O ex-senador José Sarney (PMDB-AP), em uma visita oficial a Londres, à época em que era presidente do Brasil, foi à Abadia de Westminster, onde Lord Cochrane está enterrado. Diz-se que o mesmo ali exclamou: “Corsário! Piso, e piso com gosto (em sua tumba)! É um sujeito o qual só merece o meu desprezo e asco”. Sarney estava, parcialmente, correto. Lord Cochrane foi um nobre escocês sem muitas posses, ávido por recompensas. Ele teria escrito ao seu irmão, em sua chegada ao Chile: “Tenho a perspectiva de fazer a maior fortuna que pode ser feita no nosso tempo, salvo a do Duque de Wellington”. Naquele tempo, ser recompensado em dinheiro era uma prática aceita pela Marinha britânica. Mas a busca por dinheiro iria manchar a reputação do lorde.

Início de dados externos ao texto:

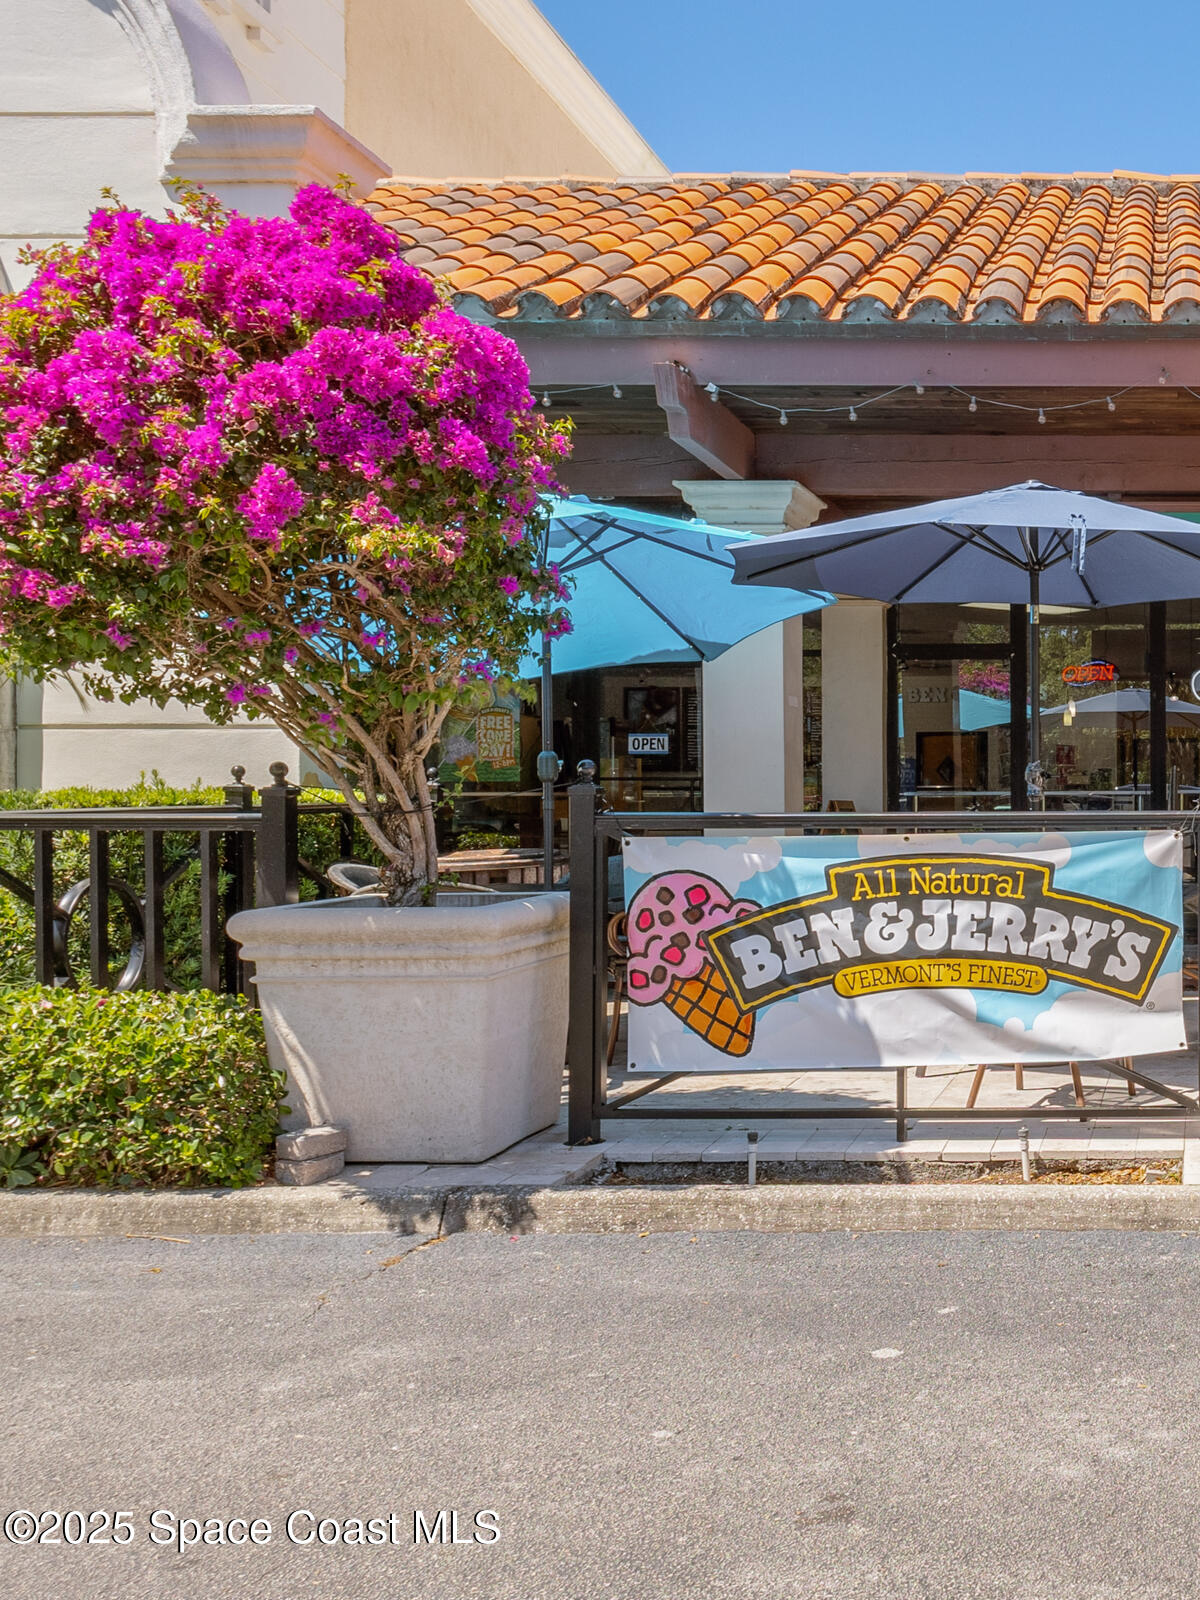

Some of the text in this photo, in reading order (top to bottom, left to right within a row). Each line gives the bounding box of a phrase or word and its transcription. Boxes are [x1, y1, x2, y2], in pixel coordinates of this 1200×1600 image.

Cochrane foi um famoso capitão de fragata da Marinha Real durante as Guerras Napoleônicas. Foi chamado pelos franceses de “lobo do mar”. O seu pai foi um inventor e investidor escocês fracassado, deixando as economias da família em um estado crítico. O tio de Cochrane, capitão de fragata, auxiliou o seu ingresso na Marinha. Com as conquistas, vieram os inimigos, que as transformavam em recriminações e decepções. Eleito membro do Parlamento britânico, defendeu as suas causas radicalmente e criticou duramente a corrupção e a incompetência na Marinha. No entanto, a ele sempre faltaram tato e diplomacia.
Envolveu-se em um grande escândalo na Bolsa de Valores, em 1814. Alegou inocência, mas mesmo assim, foi preso e expulso da Marinha Real e da Ordem do Banho pelo príncipe regente. As suas campanhas no Chile e no Brasil, e depois na Grécia, renderam-lhe uma espécie de reabilitação. Cochrane só retornou à Marinha britânica em 1832, promovido ao posto de contra-almirante. A ele foi dado o comando das frotas da América do Norte e do Caribe em 1848, tendo a sua bandeira de almirante abaixada em 1851, quando tinha 75 anos.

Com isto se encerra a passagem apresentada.